Stored items from a collection
*** Begin section ***

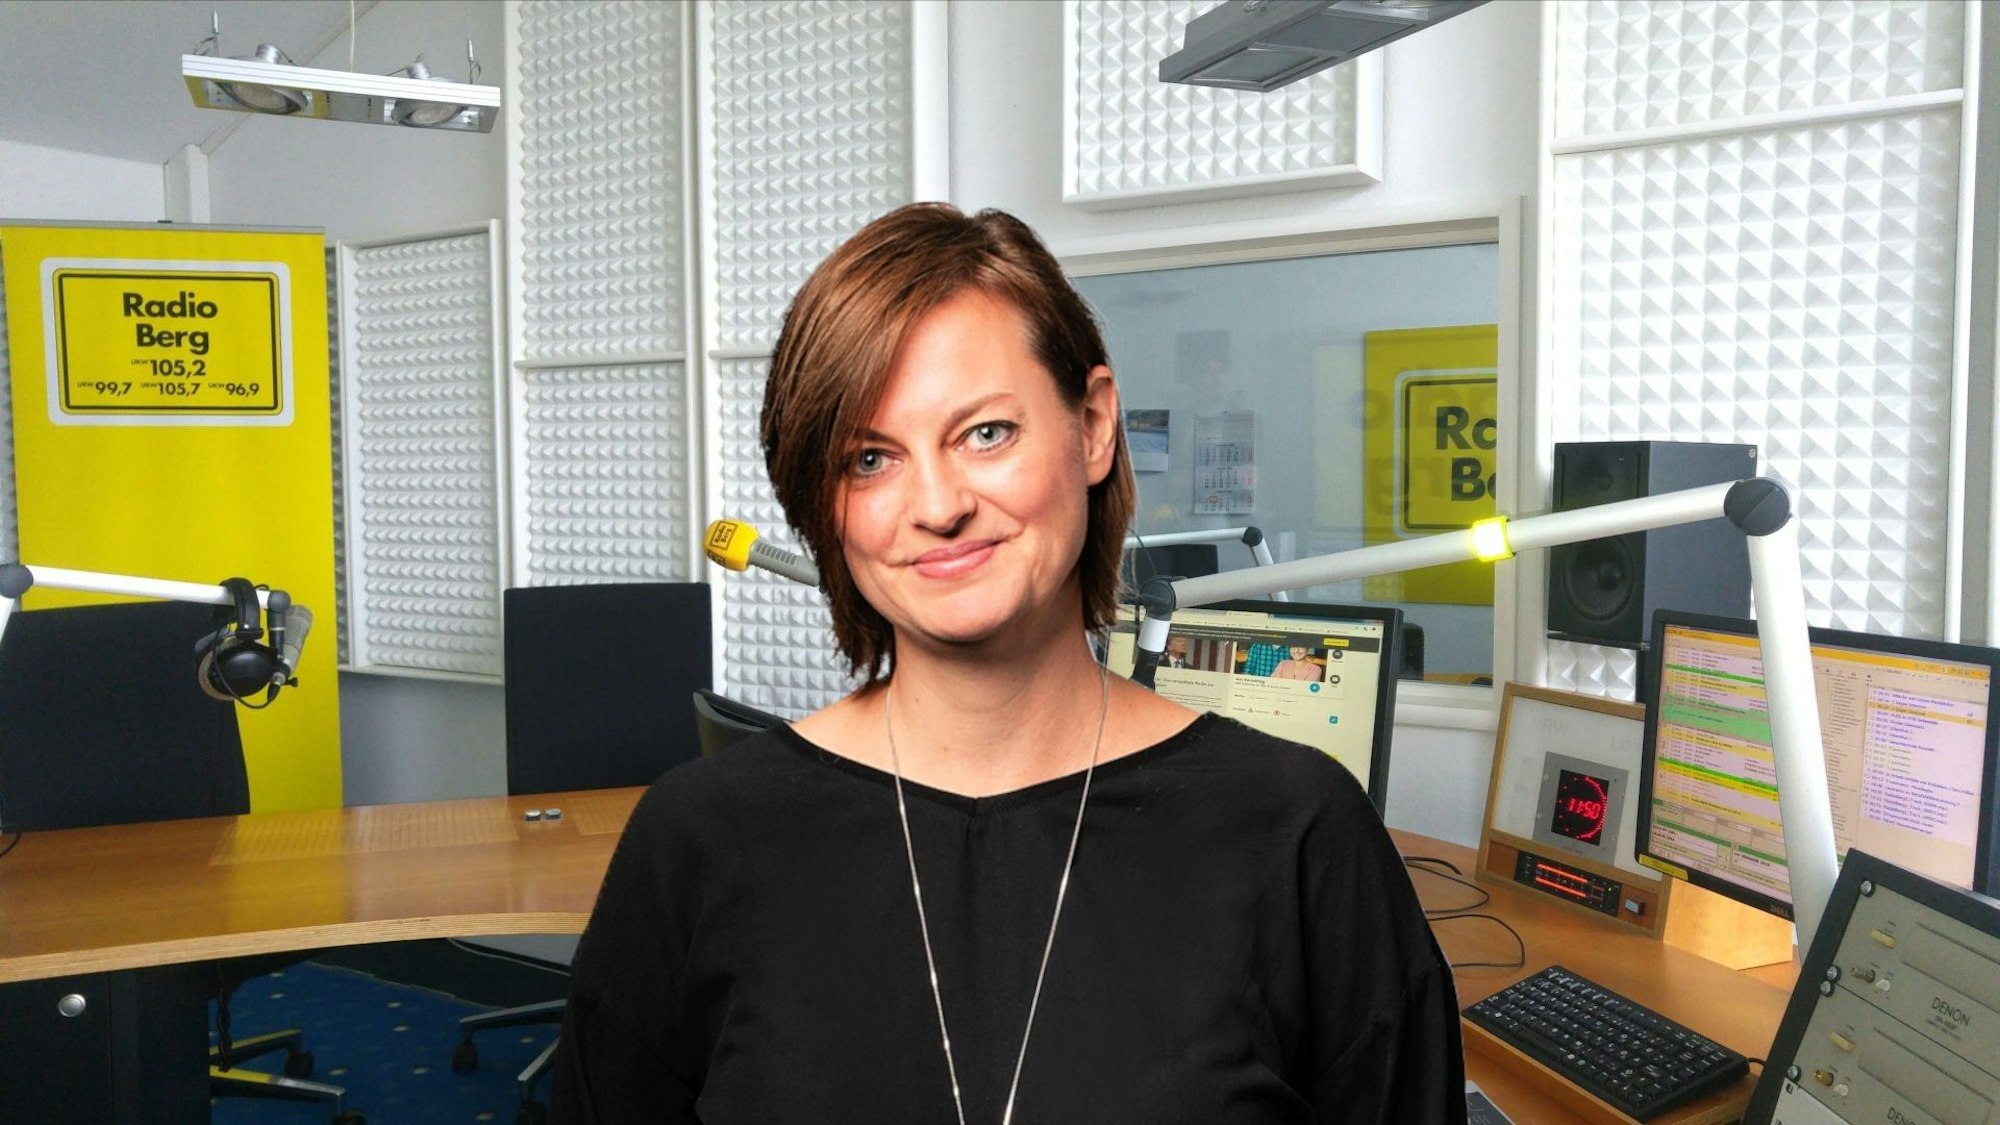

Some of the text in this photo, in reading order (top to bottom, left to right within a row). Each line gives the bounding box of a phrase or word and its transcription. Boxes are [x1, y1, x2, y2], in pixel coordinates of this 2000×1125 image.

[122, 291, 218, 319] Radio
[136, 323, 209, 355] Berg
[150, 359, 206, 379] 105,2
[95, 381, 132, 397] 99,7
[158, 382, 201, 397] 105,7
[225, 383, 260, 397] 96,9
[1451, 457, 1497, 501] B
[1567, 797, 1601, 820] 11:50
[1931, 996, 1970, 1026] DENON

*** End section ***

What is expected -
An exact copy of the entries above, with no pictures, is the required answer.

Answer section -
Some of the text in this photo, in reading order (top to bottom, left to right within a row). Each line gives the bounding box of a phrase or word and its transcription. Boxes are [x1, y1, x2, y2], in pixel coordinates of this 2000×1125 image.

[122, 291, 218, 319] Radio
[136, 323, 209, 355] Berg
[150, 359, 206, 379] 105,2
[95, 381, 132, 397] 99,7
[158, 382, 201, 397] 105,7
[225, 383, 260, 397] 96,9
[1451, 457, 1497, 501] B
[1567, 797, 1601, 820] 11:50
[1931, 996, 1970, 1026] DENON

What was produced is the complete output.